- Exercise brief: Begin with the line containing "this 1333×1500 image." and copy every line after it to the end of the entries, exactly, leaving out the lines before it.
Data supplied below:
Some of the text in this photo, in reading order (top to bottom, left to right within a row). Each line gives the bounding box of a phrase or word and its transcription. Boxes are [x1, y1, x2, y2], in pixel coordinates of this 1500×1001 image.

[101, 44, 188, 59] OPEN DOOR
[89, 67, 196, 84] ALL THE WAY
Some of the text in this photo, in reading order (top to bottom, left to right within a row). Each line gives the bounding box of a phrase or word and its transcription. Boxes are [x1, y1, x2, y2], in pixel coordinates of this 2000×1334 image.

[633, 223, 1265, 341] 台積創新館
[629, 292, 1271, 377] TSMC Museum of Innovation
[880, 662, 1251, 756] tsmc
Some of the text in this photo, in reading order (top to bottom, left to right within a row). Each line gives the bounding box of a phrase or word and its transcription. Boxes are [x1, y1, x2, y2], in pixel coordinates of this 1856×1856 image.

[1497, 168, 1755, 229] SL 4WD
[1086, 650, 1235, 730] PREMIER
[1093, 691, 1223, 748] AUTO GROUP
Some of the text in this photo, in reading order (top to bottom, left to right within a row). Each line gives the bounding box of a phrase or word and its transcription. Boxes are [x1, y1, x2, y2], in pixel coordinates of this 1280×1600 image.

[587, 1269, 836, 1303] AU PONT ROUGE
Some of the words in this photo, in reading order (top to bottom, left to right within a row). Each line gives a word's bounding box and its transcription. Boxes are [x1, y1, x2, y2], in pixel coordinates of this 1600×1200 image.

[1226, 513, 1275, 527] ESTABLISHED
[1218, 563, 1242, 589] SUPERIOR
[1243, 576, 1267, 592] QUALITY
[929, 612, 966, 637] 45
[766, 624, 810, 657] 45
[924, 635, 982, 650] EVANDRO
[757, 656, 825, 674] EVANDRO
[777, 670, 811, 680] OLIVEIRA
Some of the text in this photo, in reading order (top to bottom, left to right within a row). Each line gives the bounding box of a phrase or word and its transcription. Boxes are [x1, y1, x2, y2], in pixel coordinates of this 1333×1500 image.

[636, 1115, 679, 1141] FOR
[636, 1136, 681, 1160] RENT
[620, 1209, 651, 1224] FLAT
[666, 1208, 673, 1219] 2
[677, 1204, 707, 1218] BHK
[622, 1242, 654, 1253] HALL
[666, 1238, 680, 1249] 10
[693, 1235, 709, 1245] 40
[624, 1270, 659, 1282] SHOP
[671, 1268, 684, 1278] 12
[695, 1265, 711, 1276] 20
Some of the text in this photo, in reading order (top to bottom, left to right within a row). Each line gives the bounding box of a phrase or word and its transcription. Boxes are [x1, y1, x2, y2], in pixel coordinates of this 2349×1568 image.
End of Data supplied.
- Task result:
Some of the text in this photo, in reading order (top to bottom, left to right within a row). Each line gives the bounding box of a phrase or word and its transcription. Boxes are [x1, y1, x2, y2], in pixel coordinates of this 1333×1500 image.

[636, 1115, 679, 1141] FOR
[636, 1136, 681, 1160] RENT
[620, 1209, 651, 1224] FLAT
[666, 1208, 673, 1219] 2
[677, 1204, 707, 1218] BHK
[622, 1242, 654, 1253] HALL
[666, 1238, 680, 1249] 10
[693, 1235, 709, 1245] 40
[624, 1270, 659, 1282] SHOP
[671, 1268, 684, 1278] 12
[695, 1265, 711, 1276] 20
Some of the text in this photo, in reading order (top to bottom, left to right within a row). Each line gives the bounding box of a phrase or word and its transcription. Boxes are [x1, y1, x2, y2], in pixel coordinates of this 2349×1568 image.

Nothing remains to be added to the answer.